C. Description of evidence
After defining its analytic approach to the coverage issue, the Decision Memo describes the evidence that CMS reviewed in resolving the issue. CMS Ex. 1, at 23-42. CMS focused primarily on the three clinical studies that supported the FDA premarket approval application: the D-01 pilot, the D-02 pivotal, and the D-02/D-04 studies. Id. at 23-40. CMS also reviewed “evidence-based” medical practice guidelines, technology assessments of VNS by non-governmental organizations, and medical literature and other material submitted by Cyberonics. Id. at 20, 23-24, 40. In addition, CMS reviewed and responded to public comments from patients, researchers, academic and practicing physicians, medical organizations, and others. Id. at 40-53.
D. Findings and Analysis
As indicated, the D-01 and D-02/D-04 studies reported results suggesting that long-term adjunctive VNS may confer a treatment benefit on some persons with TRD. See CMS Ex. 1, at 33-34, 39. The Decision Memo indicates that CMS gave both studies little weight.
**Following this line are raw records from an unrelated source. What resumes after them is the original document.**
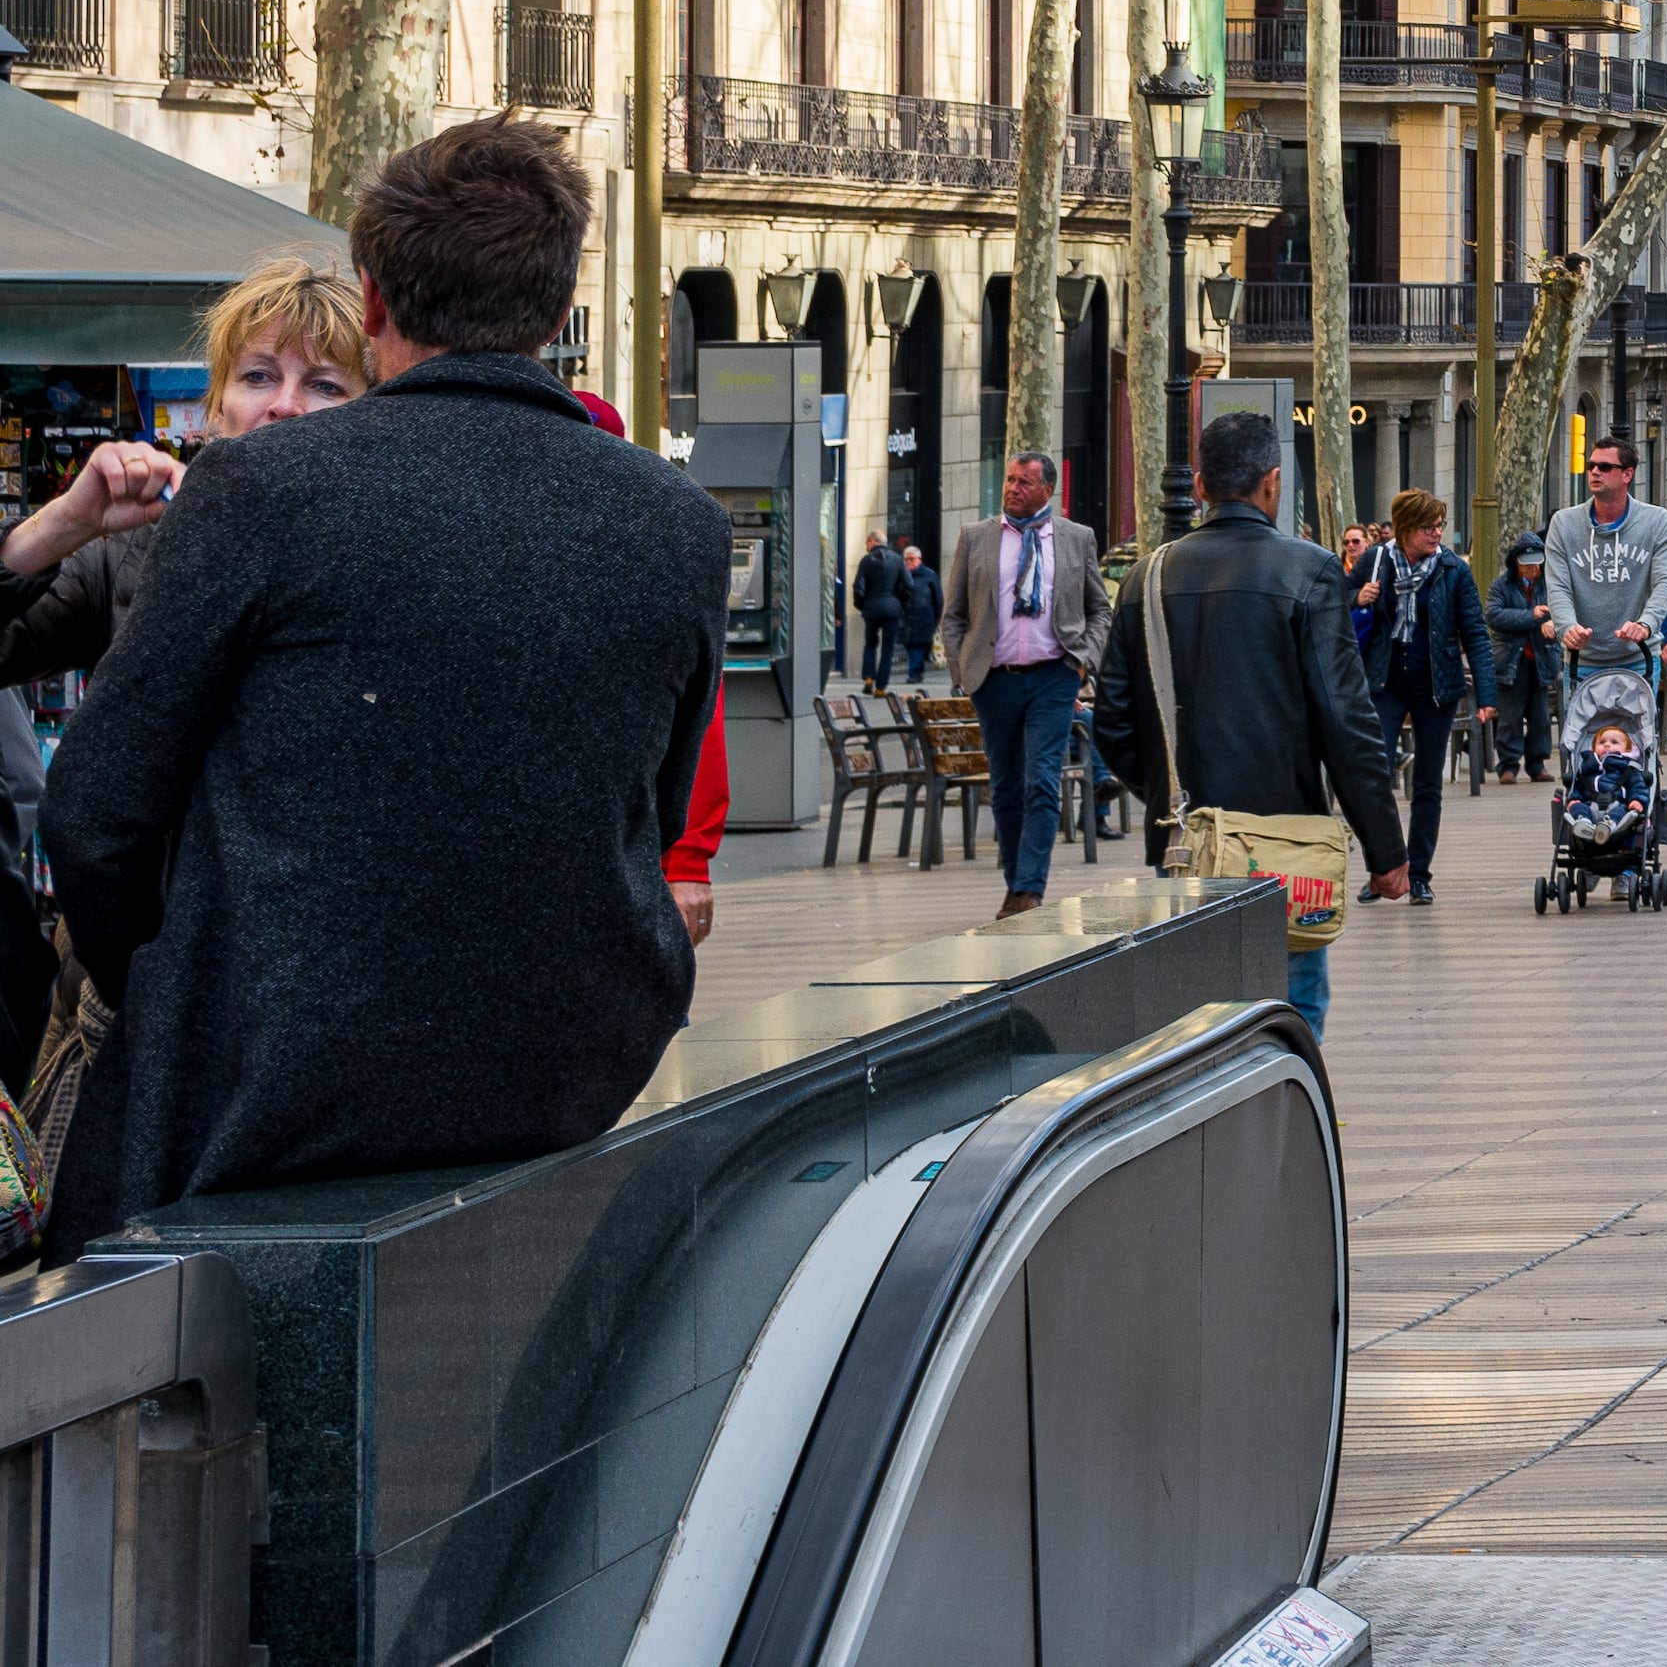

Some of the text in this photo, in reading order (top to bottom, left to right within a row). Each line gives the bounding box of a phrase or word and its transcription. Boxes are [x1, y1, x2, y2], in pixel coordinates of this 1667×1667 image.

[1571, 543, 1650, 568] VITAMIN
[1594, 567, 1631, 583] SEA
[1292, 875, 1333, 907] WITH
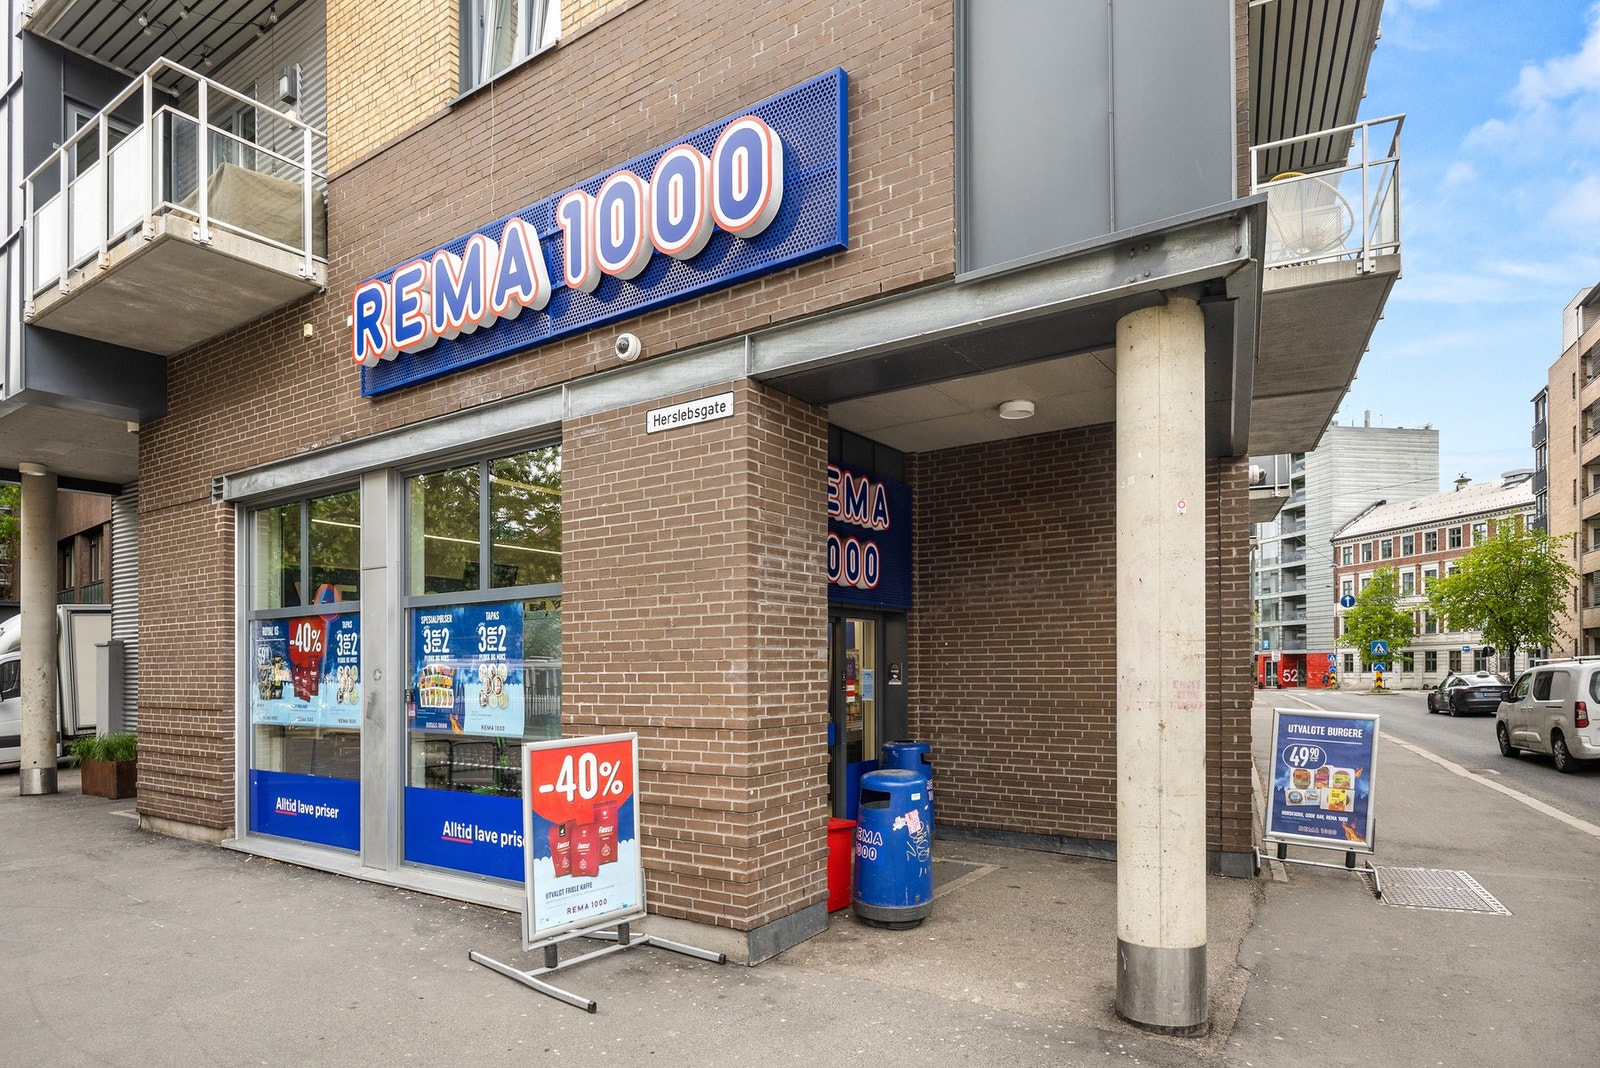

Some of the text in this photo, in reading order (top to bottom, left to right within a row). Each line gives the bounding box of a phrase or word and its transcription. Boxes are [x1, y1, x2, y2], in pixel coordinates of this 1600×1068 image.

[352, 115, 784, 368] REMA 1000
[653, 401, 727, 428] Herslebsgate
[828, 463, 890, 531] EMA
[828, 531, 880, 590] 000
[342, 620, 353, 629] TAPAS
[421, 614, 453, 624] SPESIALPØLSER
[485, 611, 500, 620] TAPAS
[289, 622, 322, 653] -40%
[336, 632, 358, 656] 3 FOR 2
[423, 627, 450, 654] 3 FOR 2
[478, 624, 507, 653] 3 FOR 2
[1287, 723, 1363, 738] UTVALGTE BURGERE
[1289, 746, 1310, 767] 49
[538, 752, 624, 803] -40%
[275, 796, 339, 820] Alltid lave priser
[442, 820, 525, 848] Alltid lave pris
[856, 826, 883, 846] EMA
[545, 888, 565, 900] UTVALGT
[565, 884, 579, 895] FRIELE
[580, 881, 593, 891] KAFFE
[566, 898, 607, 915] REMA 1000
In general, CMS found that the studies’ designs or methods were inadequate to minimize potential biases and account for “confounding” variables (that is, extraneous variables whose influence affects the variable being studied) that may have accented or masked the true effect of VNS, thereby skewing the reported results. Id. at 54-57. CMS emphasized that “[w]ell-designed clinical trials are important for accurate outcome interpretation,” and that “inclusion of an appropriate comparator [i.e., a control group] facilitates study interpretation.” Id. at 22. In addition, said CMS, “[w]ell constructed randomization” minimizes bias. Id.
CMS took note of several potential “confounders” in the VNS studies, including the placebo response,11 the fact that depression patients sometimes experience spontaneous remission, the influence of changes to a study subject’s concurrent non-VNS antidepressant therapy, and the statistical phenomenon of “regression to the mean” (i.e., natural variability or “waxing-and-waning” of symptoms). CMS Ex. 1, at 22, 46-47, 55, 56. CMS characterized the placebo response as a “substantial, common consideration in trials of antidepressants,” and stated that “more weight will normally be accorded to studies that are designed to guard against the placebo effect.” Id. at 22.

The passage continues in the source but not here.